The premise was simple: Students often understand comparative constitutional law more deeply when they engage directly with peers who study and experience another constitutional system from within. Rather than learning about another legal order only through readings or lectures, students had the opportunity to discuss it with one another, compare assumptions, and work together on shared academic tasks.
Previously we collaborated on full-semester (10-to-12-week projects) and one-time collaborations (such as Constitution Day events). For this project, we designed a mid-range assignment that engaged the students for a shorter portion of the semester. During a six-week period, students from the two universities worked in mixed international teams and explored a range of constitutional topics from both U.S. and Moldovan perspectives. These included separation of powers, constitutional review, role of constitutional courts, federalism and decentralization, and public perceptions of constitutional justice. The project concluded with a joint online conference during where student groups presented their findings and reflected on similarities, differences, and lessons drawn from the comparisons. This structure and sequence built directly on the project description and objectives reflected in the draft materials prepared from the original USM communication about the event.[2]

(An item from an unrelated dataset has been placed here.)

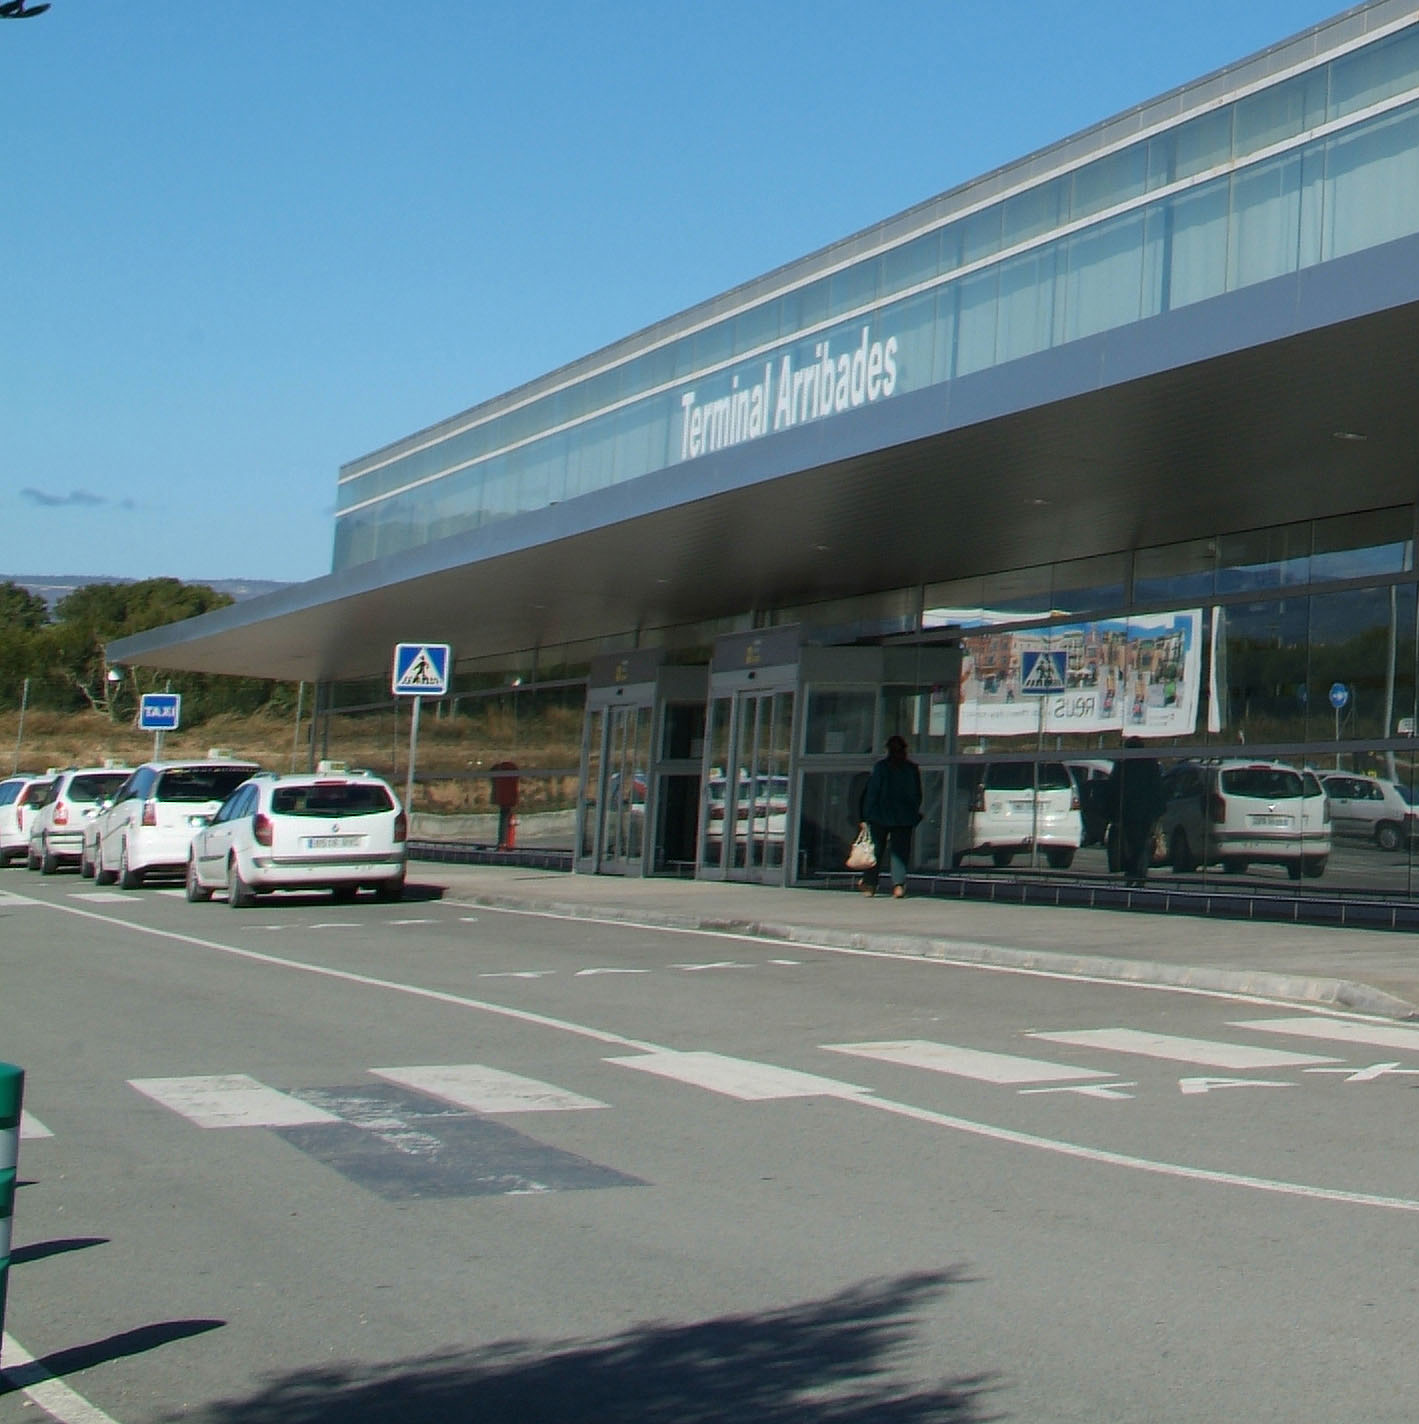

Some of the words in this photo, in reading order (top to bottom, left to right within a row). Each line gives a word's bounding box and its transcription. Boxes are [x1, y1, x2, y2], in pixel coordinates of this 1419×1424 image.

[681, 362, 772, 461] Terminal
[774, 326, 898, 431] Arribades
[143, 705, 176, 717] TAXI

One reason the project worked so well was its format. It was not limited to a single international joint class meeting, but also it did not require a full-semester exchange. Instead, it occupied a productive middle ground: long enough for students to build working relationships and complete meaningful joint work, yet short enough to remain manageable within existing course structures. In our experience, this “middle model” is especially useful for instructors who want to internationalize a course without redesigning the entire semester.
The final work products varied by group. Students created PowerPoint presentations, comparative tables, argumentative texts, research posters, and/or other visual materials. More important than the format of the final products, however, was the fact that the work was genuinely collaborative. Students were not simply presenting their own national systems side by side. They were expected to work together, compare interpretations, divide responsibilities, and produce a shared result.

From an intercultural perspective, this was one of the project’s greatest strengths. Not merely exposed to a different academic and legal culture, students experienced them by communicating across differences to complete a common task. That required clarity, patience, flexibility, and mutual respect. One participant described the first Zoom meeting as “awesome” and recalled leaving it “genuinely excited about this project,” which captures the tone of openness that helped the collaboration take root from the beginning.[3]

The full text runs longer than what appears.